Phrase grounding data:

——————————

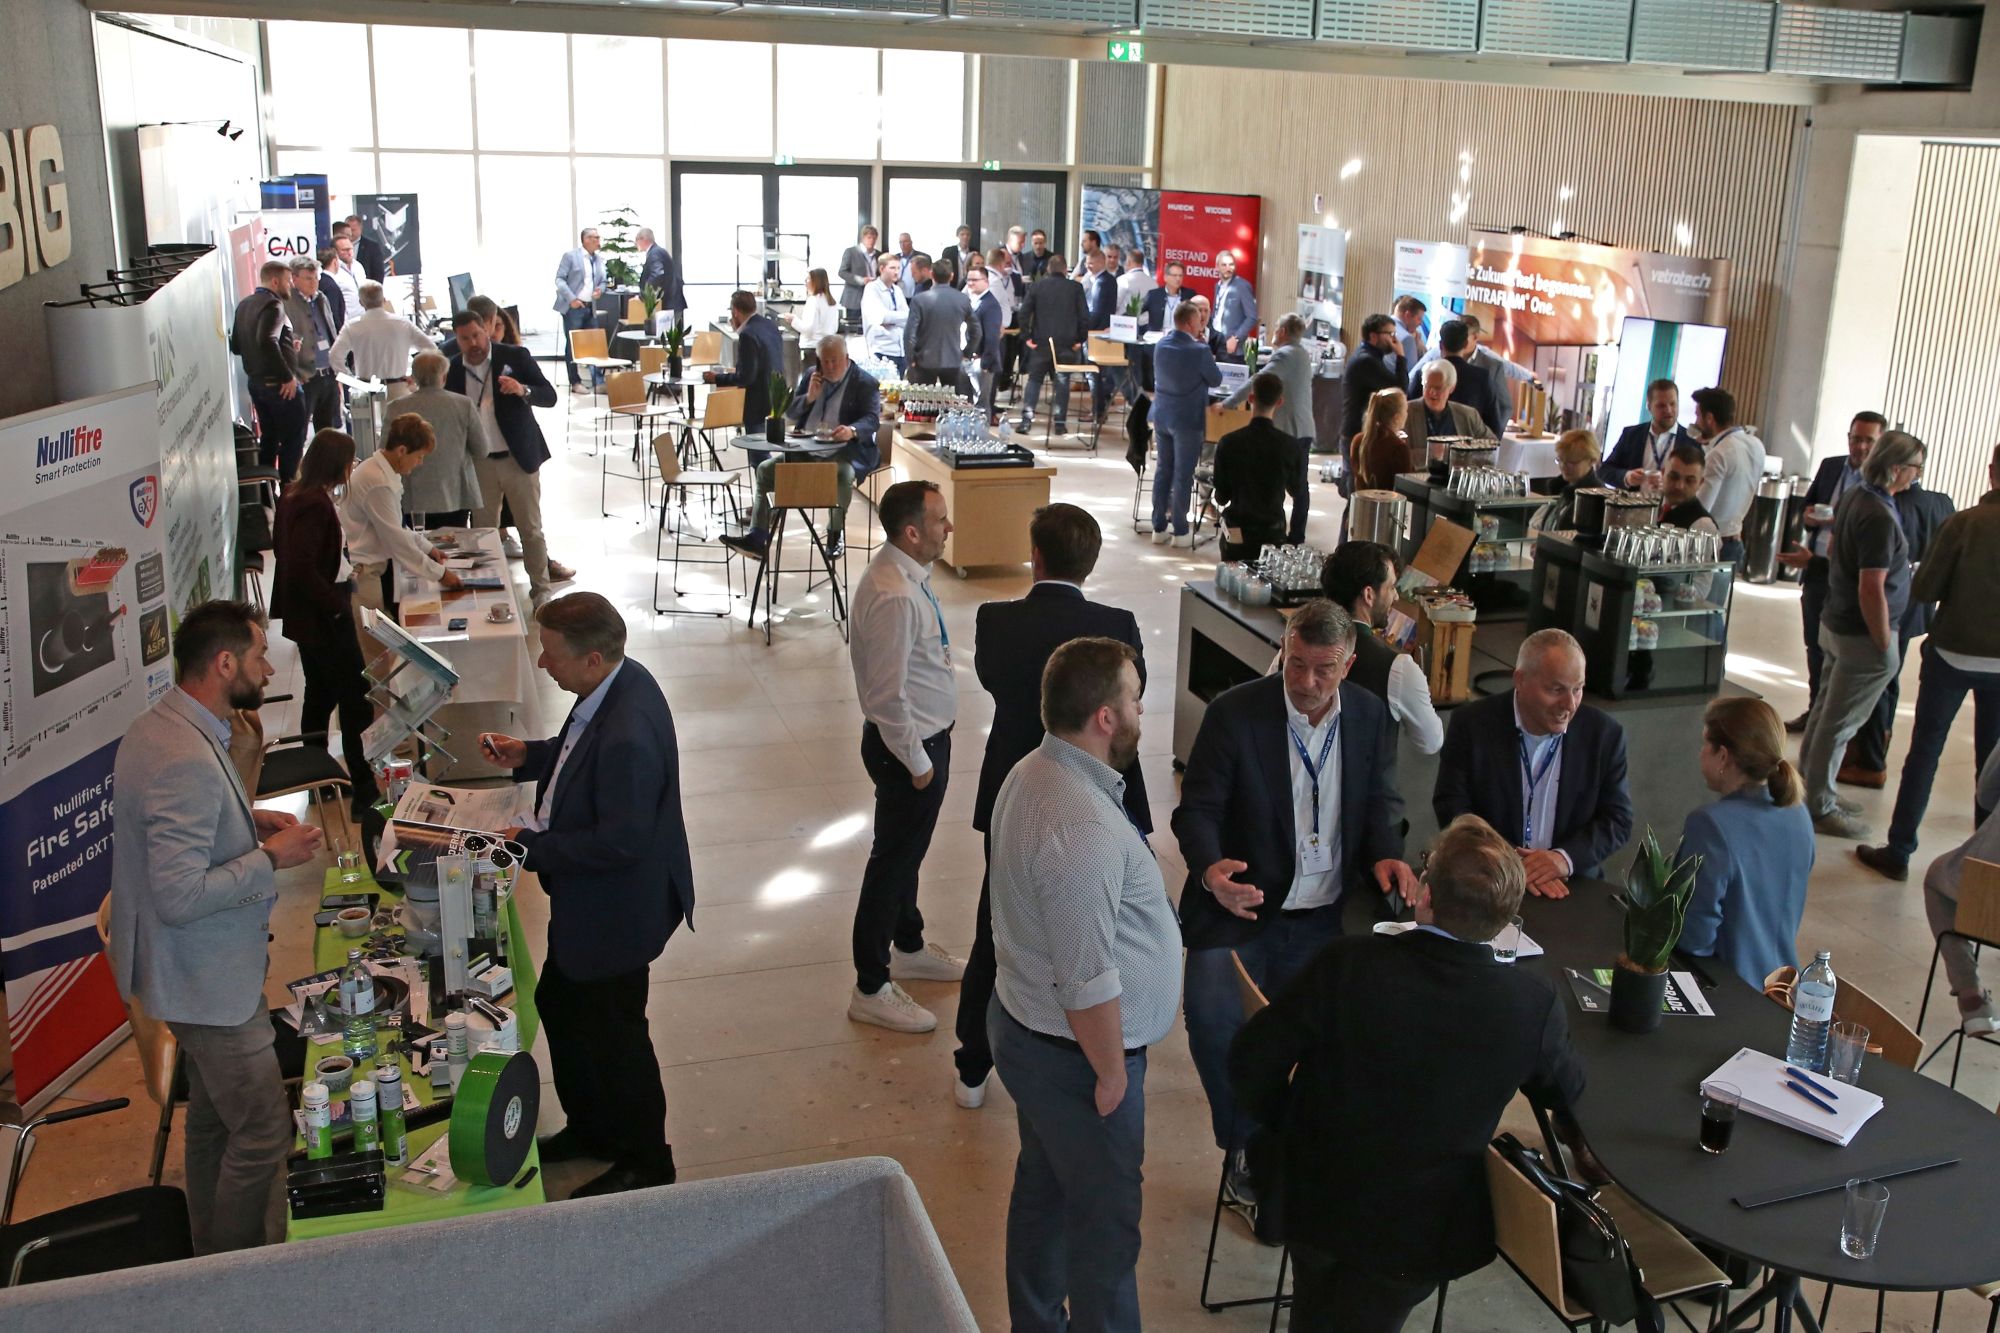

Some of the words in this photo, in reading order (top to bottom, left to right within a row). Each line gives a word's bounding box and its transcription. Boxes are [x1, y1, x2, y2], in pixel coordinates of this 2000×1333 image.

[0, 124, 71, 290] BIG
[268, 236, 310, 256] CAD
[1165, 249, 1208, 262] BESTAND
[1186, 265, 1220, 279] DENKE
[1651, 268, 1712, 289] vetrotech
[36, 425, 103, 469] Nullifire
[35, 468, 60, 485] Smart
[62, 457, 101, 476] Protection
[53, 783, 102, 821] Nullifire
[27, 828, 70, 867] Fire
[32, 853, 84, 895] Patented
[86, 837, 108, 860] GXT

——————————

TASK OBJECTIVE —
If pictures are present, they are dropped, and the entries above are written out word for word.

RESULT OF THE TASK —
Some of the words in this photo, in reading order (top to bottom, left to right within a row). Each line gives a word's bounding box and its transcription. Boxes are [x1, y1, x2, y2], in pixel coordinates of this 2000×1333 image.

[0, 124, 71, 290] BIG
[268, 236, 310, 256] CAD
[1165, 249, 1208, 262] BESTAND
[1186, 265, 1220, 279] DENKE
[1651, 268, 1712, 289] vetrotech
[36, 425, 103, 469] Nullifire
[35, 468, 60, 485] Smart
[62, 457, 101, 476] Protection
[53, 783, 102, 821] Nullifire
[27, 828, 70, 867] Fire
[32, 853, 84, 895] Patented
[86, 837, 108, 860] GXT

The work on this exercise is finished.